# Installazione Gentoo2004.1 su Athlon64 [RISOLTO]

## f0llia

Vorrei installare Gentoo 2004.1 su una macchina AMD a 64 bit, ho letto i 3d a riguardo sul forum, ma volevo avere maggiori informazioni. Allora, io sto scaricando la iso da http://www.die.unipd.it/pub/Linux/distributions/gentoo-sources/releases/amd64/2004.1/livecd/ , precisamente sto prendendo la install-amd64-universal-2004.1.iso da 432 Mb. 

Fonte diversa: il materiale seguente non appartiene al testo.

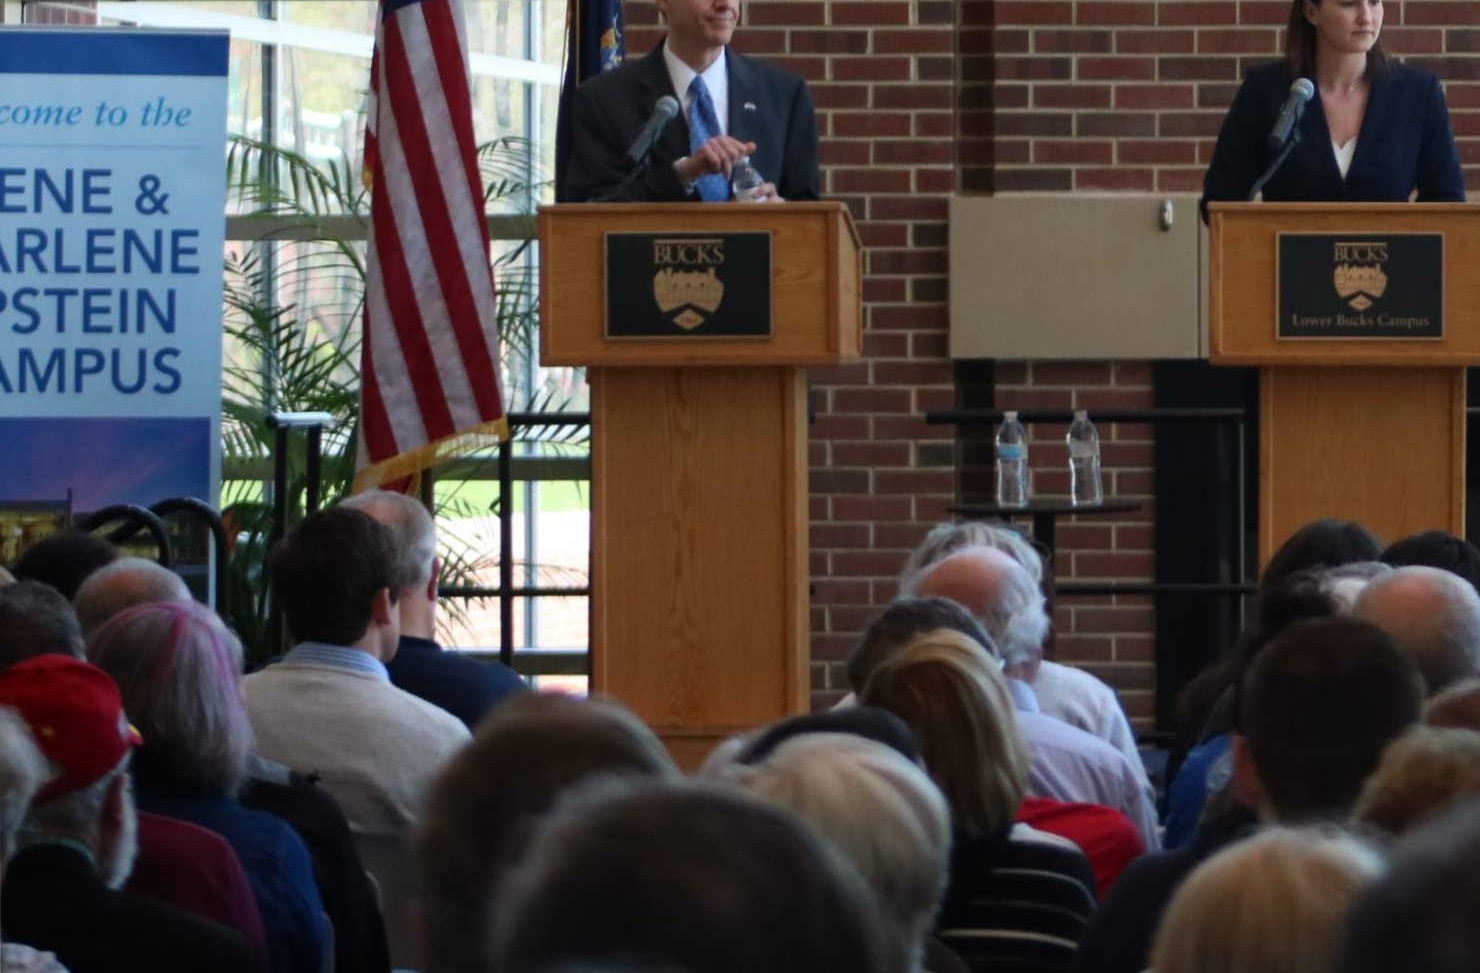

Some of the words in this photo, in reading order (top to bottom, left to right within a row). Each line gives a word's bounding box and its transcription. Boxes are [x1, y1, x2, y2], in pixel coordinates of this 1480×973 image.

Per lo stage invece lo prendo da http://www.die.unipd.it/pub/Linux/distributions/gentoo-sources/releases/amd64/2004.1/stages/

E' ok ?

Inoltre volevo sapere se c'erano gia pacchetti a 64 bit e quali. C'e una lista magari ? Perche questi ultimi siano compilati a 64 bit c'e qualcosa da fare o è come  per i 32 ?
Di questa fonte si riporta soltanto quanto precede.